« Voici une lettre écrite par l’assassin lui-même, mes chers amis ! » HERCULE POIROT

Durant la Première Guerre mondiale, Agatha Christie s'engage dans un détachement d'aide volontaire comme infirmière bénévole dans un hôpital de la Croix-Rouge, puis en 1916 comme assistante-chimiste dans une pharmacie d'un hôpital militaire et obtient son diplôme de pharmacienne en avril 1917. La préparation de nombreux remèdes pour les blessés lui permet de se familiariser avec les poisons et autres drogues.

Pendant son temps libre, Agatha Christie écrit son premier roman policier : The Mysterious Affair at Styles, à la suite d'un pari avec sa sœur. Elle qui n'avait jamais écrit un livre précédemment, ne pourrait pas écrire un roman policier dans lequel le lecteur serait incapable de détecter le meurtrier, même en ayant tous les indices en main comme le détective de l'histoire.

Toujours en 1917, son mari rencontre vite des difficultés financières, aussi voit-elle dans la publication de son texte un moyen d'augmenter les revenus du couple.
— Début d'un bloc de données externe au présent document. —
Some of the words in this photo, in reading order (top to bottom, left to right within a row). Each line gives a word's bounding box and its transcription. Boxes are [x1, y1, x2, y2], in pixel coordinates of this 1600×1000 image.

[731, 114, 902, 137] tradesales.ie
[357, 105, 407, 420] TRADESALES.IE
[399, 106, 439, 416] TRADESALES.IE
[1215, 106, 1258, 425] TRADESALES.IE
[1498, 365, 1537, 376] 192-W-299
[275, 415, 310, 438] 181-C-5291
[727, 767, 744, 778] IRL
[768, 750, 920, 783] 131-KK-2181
Agatha Christie propose son manuscrit à six éditeurs différents, qui refusent tous de la publier, peu sûrs de son talent. C'est seulement trois ans plus tard, en 1920, que la maison d'édition Bodley Head accepte de publier le roman.

Dans ce roman comme dans plusieurs autres, le poison est l'arme du crime. Agatha Christie, qui a travaillé comme infirmière pendant la Première Guerre mondiale comme dit plus haut et a vu les effets de nombreuses substances médicamenteuses sur les blessés, s'est en effet documentée sur le sujet, n'hésitant pas, plus tard, à correspondre avec telle ou telle sommité médicale pour vérifier si ses hypothèses sur l'effet de tel ou tel poison étaient plausibles, avant de les utiliser dans la trame de ses romans.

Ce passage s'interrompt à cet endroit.